====== Data excerpts ======
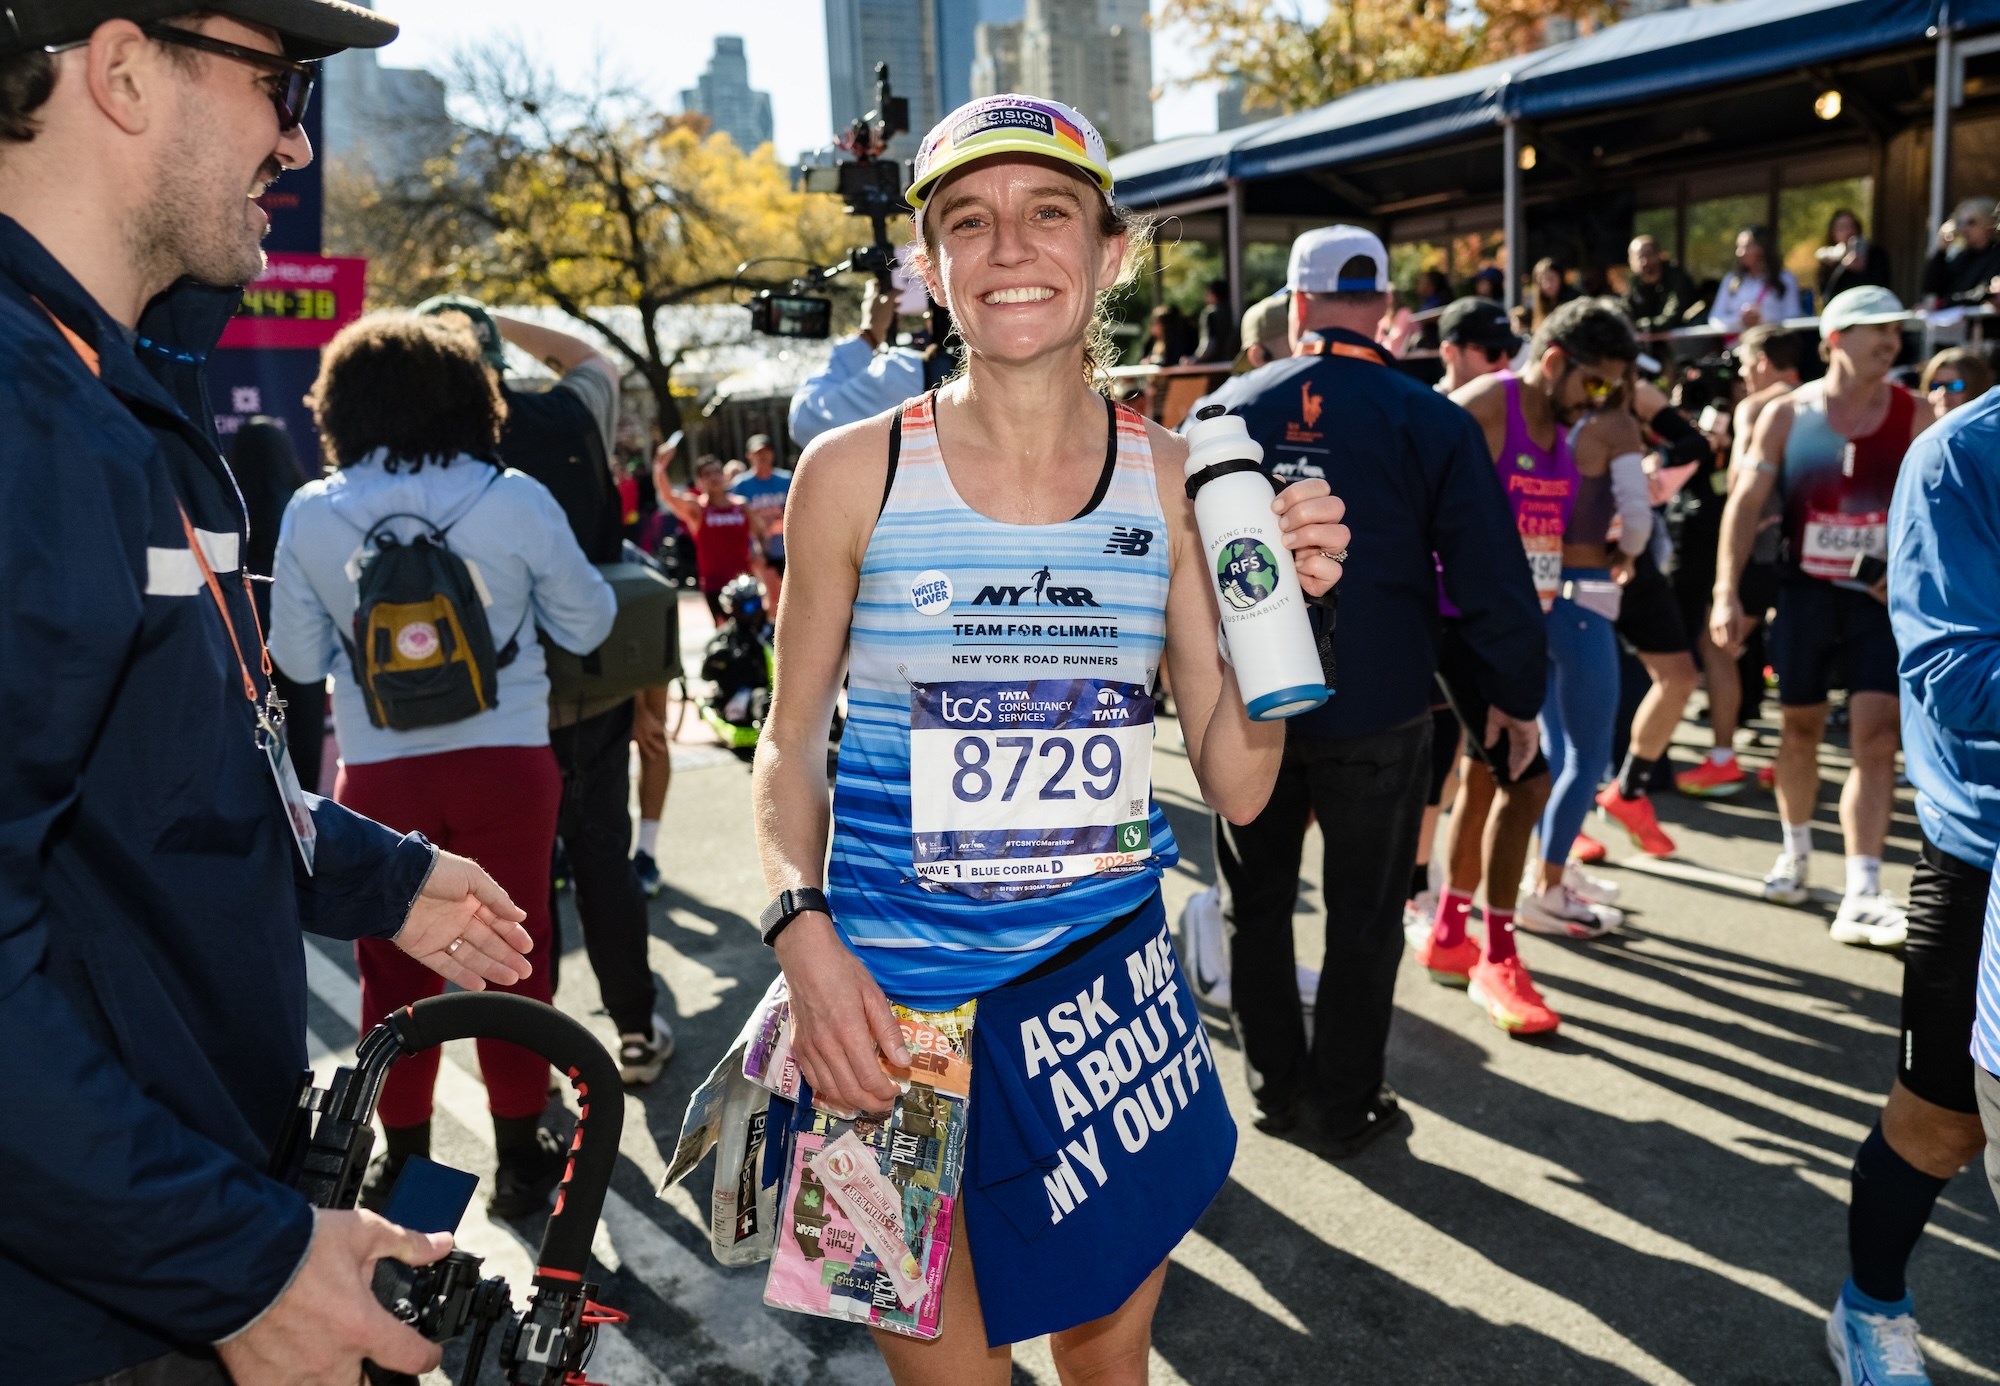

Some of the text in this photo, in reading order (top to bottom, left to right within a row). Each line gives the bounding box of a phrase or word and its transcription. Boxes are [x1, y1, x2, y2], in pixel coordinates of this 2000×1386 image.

[1103, 526, 1154, 557] NB
[1210, 527, 1263, 551] RACING FOR
[1229, 556, 1261, 576] RFS
[911, 580, 948, 599] WATER
[914, 590, 949, 608] LOVER
[1224, 596, 1289, 623] SUSTAINABILITY
[952, 624, 1118, 638] TEAM FOR CLIMATE
[952, 655, 1118, 666] NEW YORK ROAD RUNNERS
[997, 691, 1031, 701] TATA
[941, 690, 993, 723] tcs
[998, 701, 1073, 712] CONSULTANCY
[1092, 707, 1130, 721] TATA
[998, 712, 1046, 723] SERVICES
[951, 734, 1122, 803] 8729
[1005, 839, 1075, 848] #TCSNYCMarathon
[917, 860, 1064, 878] WAVE 1 BLUE CORRAL D
[1093, 854, 1135, 871] 2025
[1020, 923, 1176, 1079] ASK ME
[911, 1052, 950, 1077] ER
[1049, 980, 1188, 1133] ABOUT
[782, 1060, 795, 1086] APPLE
[1043, 1023, 1213, 1225] MY OUTFI
[890, 1129, 919, 1165] PICKY
[742, 1114, 767, 1206] essentia
[861, 1174, 890, 1211] FRUIT BAR
[846, 1185, 889, 1225] STRAWBERRY
[795, 1223, 822, 1239] BEAR
[827, 1227, 856, 1242] Rolls
[890, 1223, 905, 1241] PPLE
[826, 1237, 854, 1254] Fruit
[879, 1234, 895, 1254] TRADER
[872, 1273, 898, 1310] PICKY
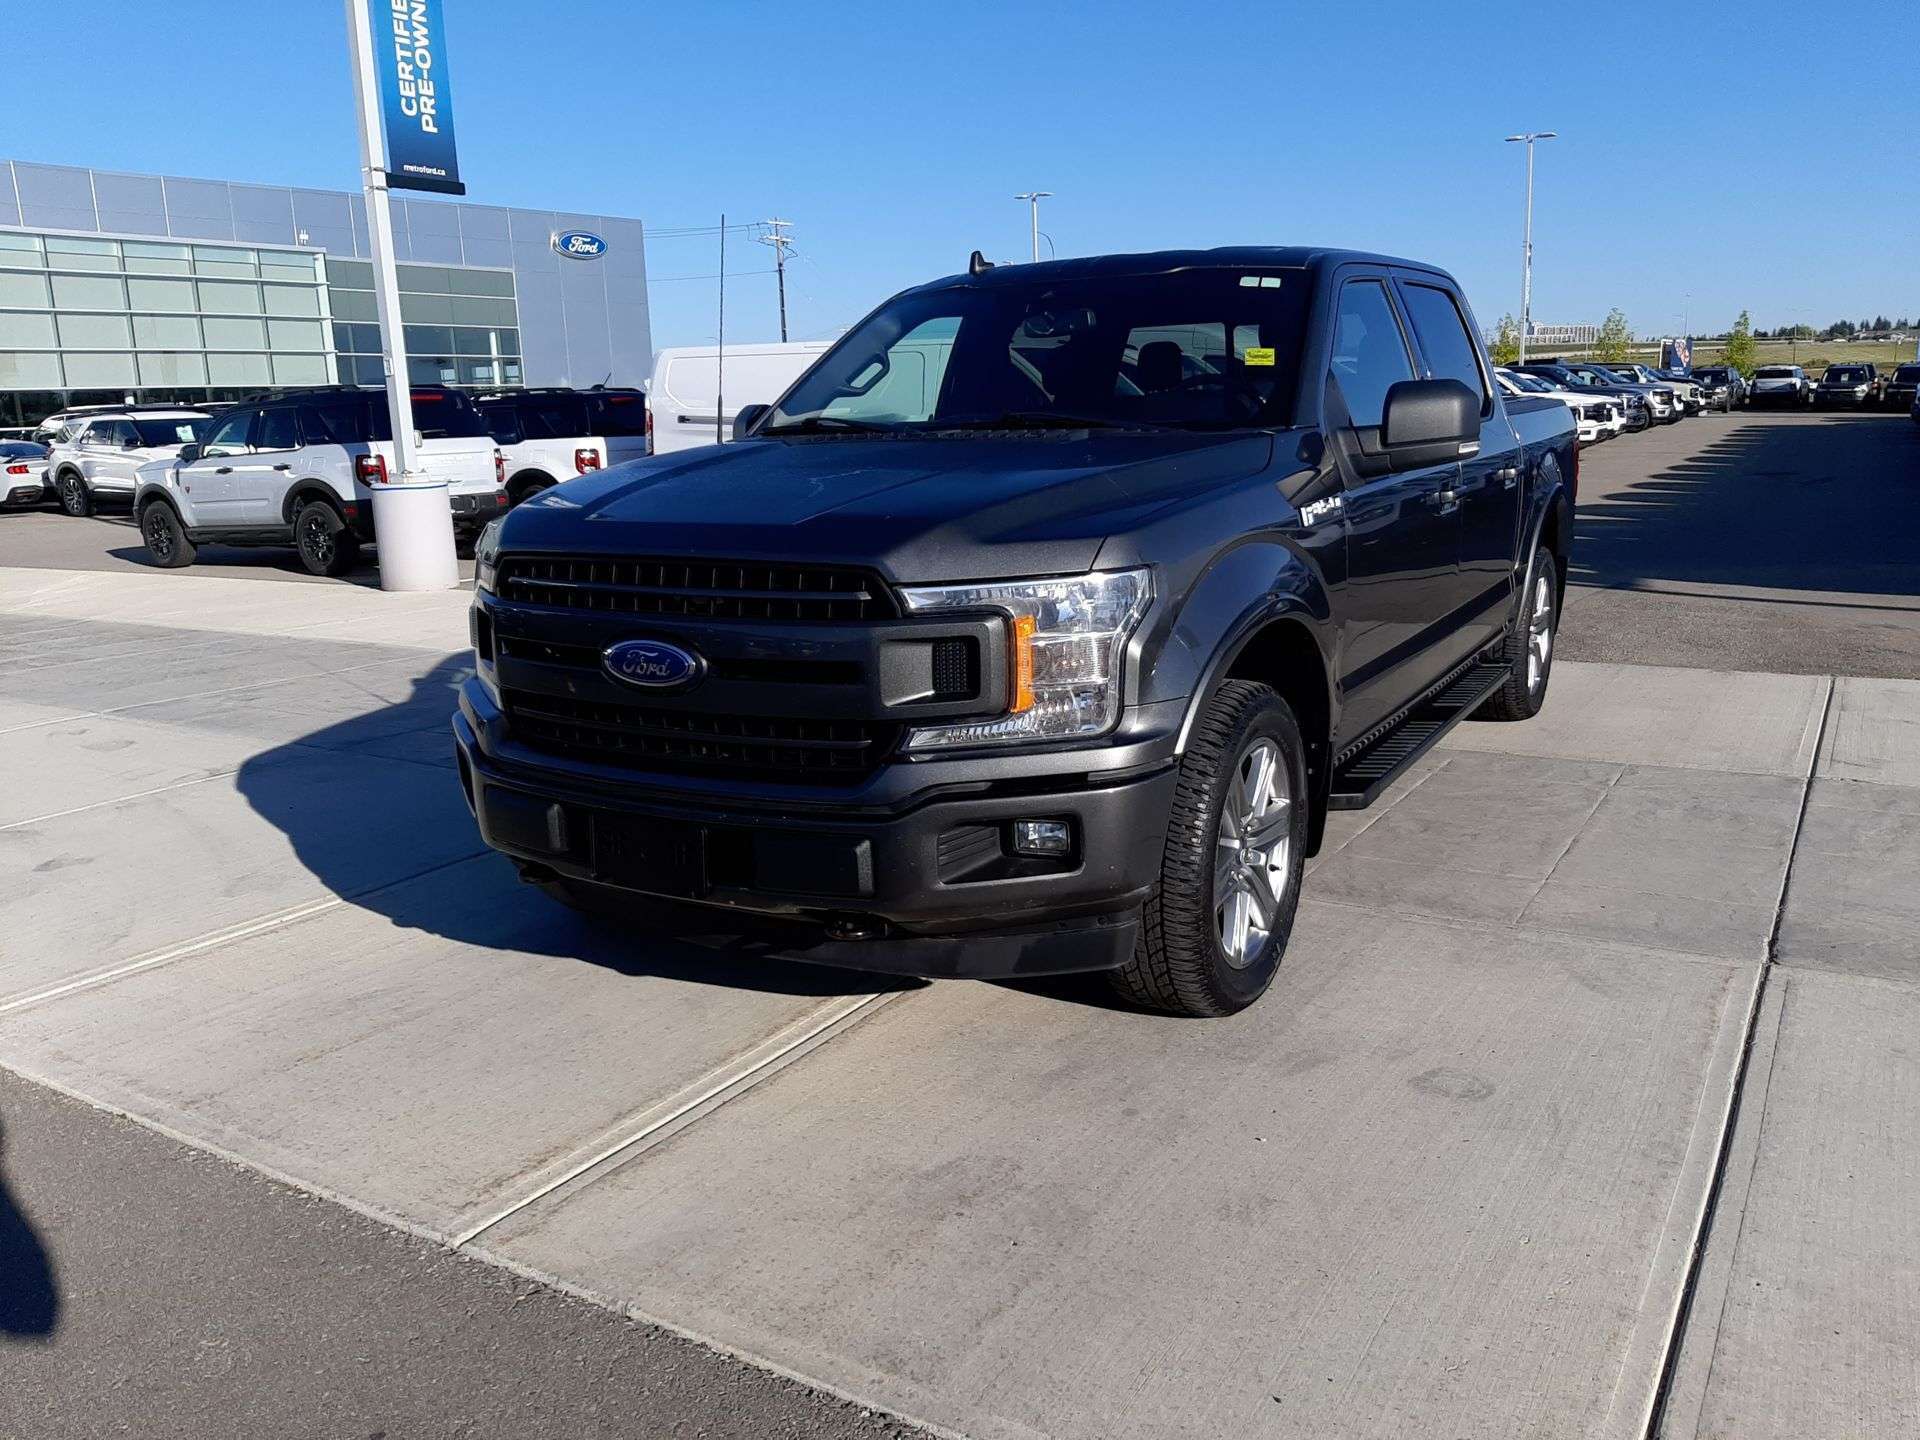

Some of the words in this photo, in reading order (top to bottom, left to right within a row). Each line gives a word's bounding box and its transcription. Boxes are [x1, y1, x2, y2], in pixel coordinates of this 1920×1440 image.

[410, 0, 439, 133] PRE-OWN
[403, 164, 446, 177] metroford.ca
[568, 236, 599, 253] Ford
[622, 649, 672, 676] Ford
======
Starting at the line that contains "Some of the words", output every remaining line of the data exactly, and stop after the last one.

Some of the words in this photo, in reading order (top to bottom, left to right within a row). Each line gives a word's bounding box and its transcription. Boxes are [x1, y1, x2, y2], in pixel coordinates of this 1920×1440 image.

[410, 0, 439, 133] PRE-OWN
[403, 164, 446, 177] metroford.ca
[568, 236, 599, 253] Ford
[622, 649, 672, 676] Ford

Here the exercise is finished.